The Stains is a hardcore punk band from the Boyle Heights neighborhood of Los Angeles, California. One of the first East Los Angeles punk groups, the band started playing punk in 1976.  Their debut album, produced by SST Records house producer Spot, was recorded in 1981, and released by SST in 1983. The debut album is often considered influential in bridging Hardcore punk and Heavy Metal before the creation of Thrash Metal.  The band has been on tours with Black Flag, Hüsker Dü and countless others.  They were one of the bands that played at a 2001 "anniversary show" memorializing the landmark East Los Angeles punk venue Vex Populi (and music writer Josh Kun wrote in Los Angeles magazine that their set was "punk rock enough for the Stains to leave a pool of blood on the stage's wood beams").

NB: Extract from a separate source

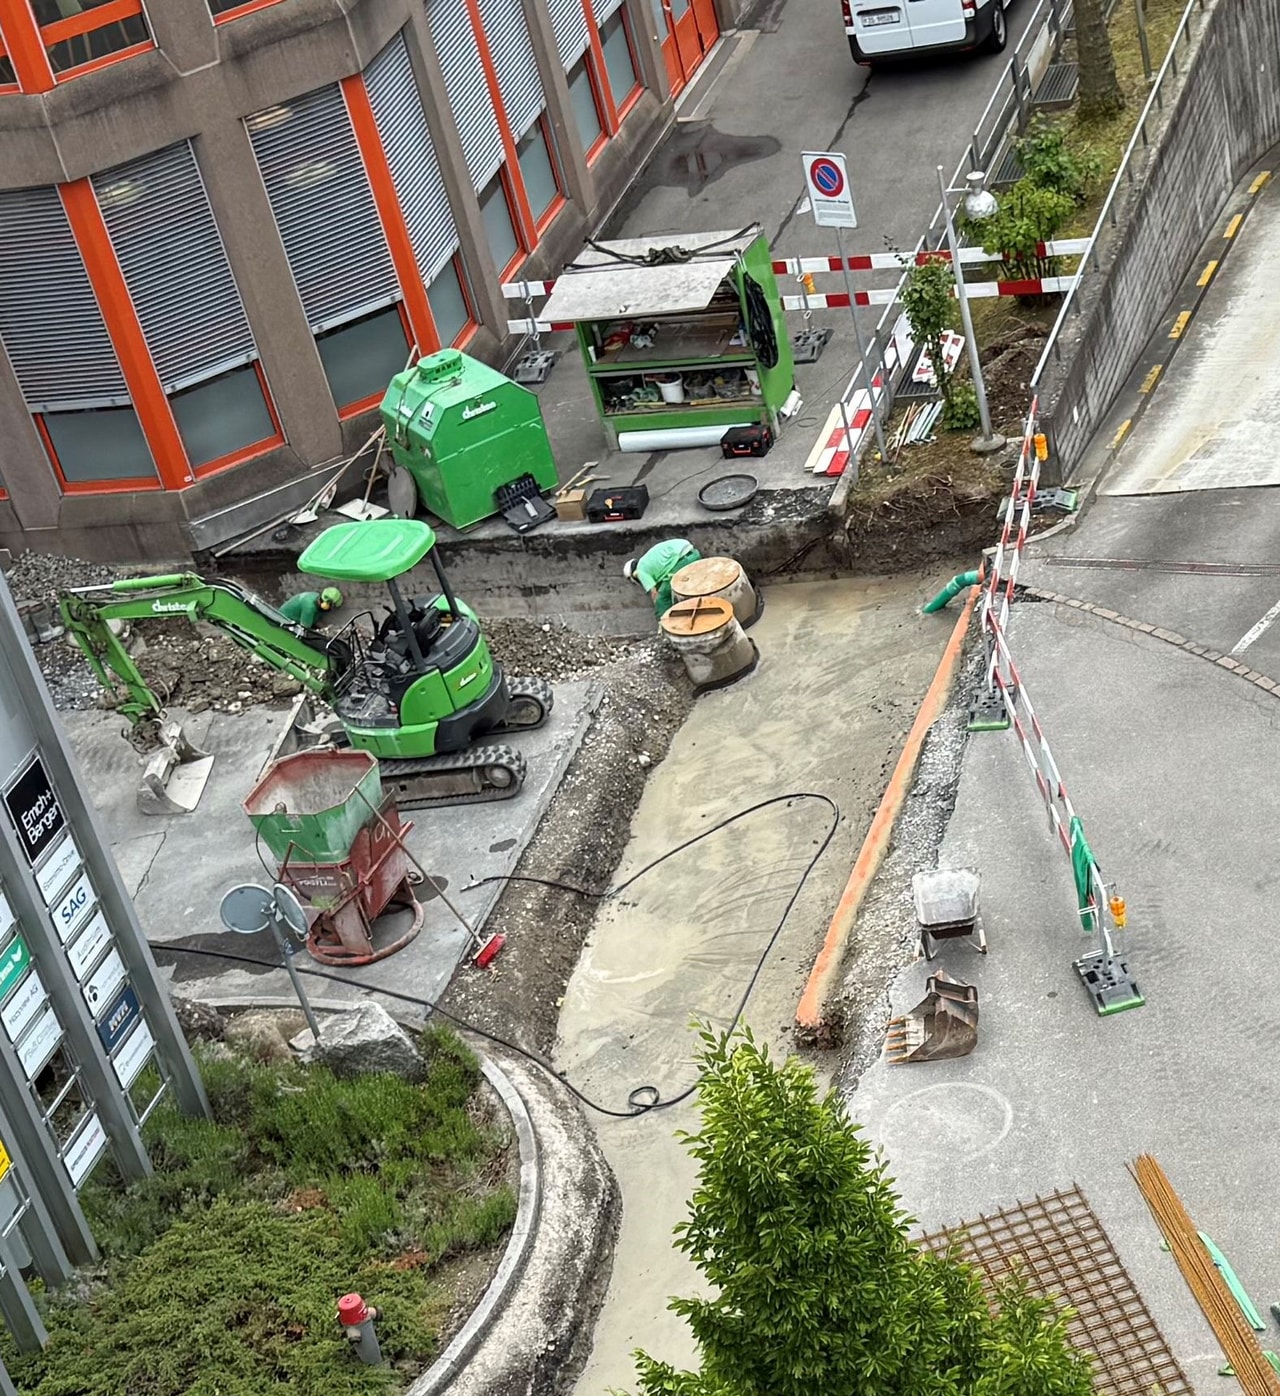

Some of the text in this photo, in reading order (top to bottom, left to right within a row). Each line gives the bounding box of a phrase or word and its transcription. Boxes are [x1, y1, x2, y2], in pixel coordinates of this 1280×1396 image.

On the album, the band's members were Jesus Amezquita, lead guitar, Robert Becerra, guitar;  Viscarra, bass; Gilbert Berumen, drums; and Rudy Navarro, vocalist.  Their style is described as hardcore and speedy, and as an innovator in bringing elements of metal into hardcore. Guitarist Robert Becerra's performance style was a model for Greg Ginn's musical concepts for Black Flag.  Viscarra and another Stains drummer, Louie Dufau, later played with Dez Cadena in his post-Black Flag band DC3, and Viscarra also played with cowpunk band Blood on the Saddle.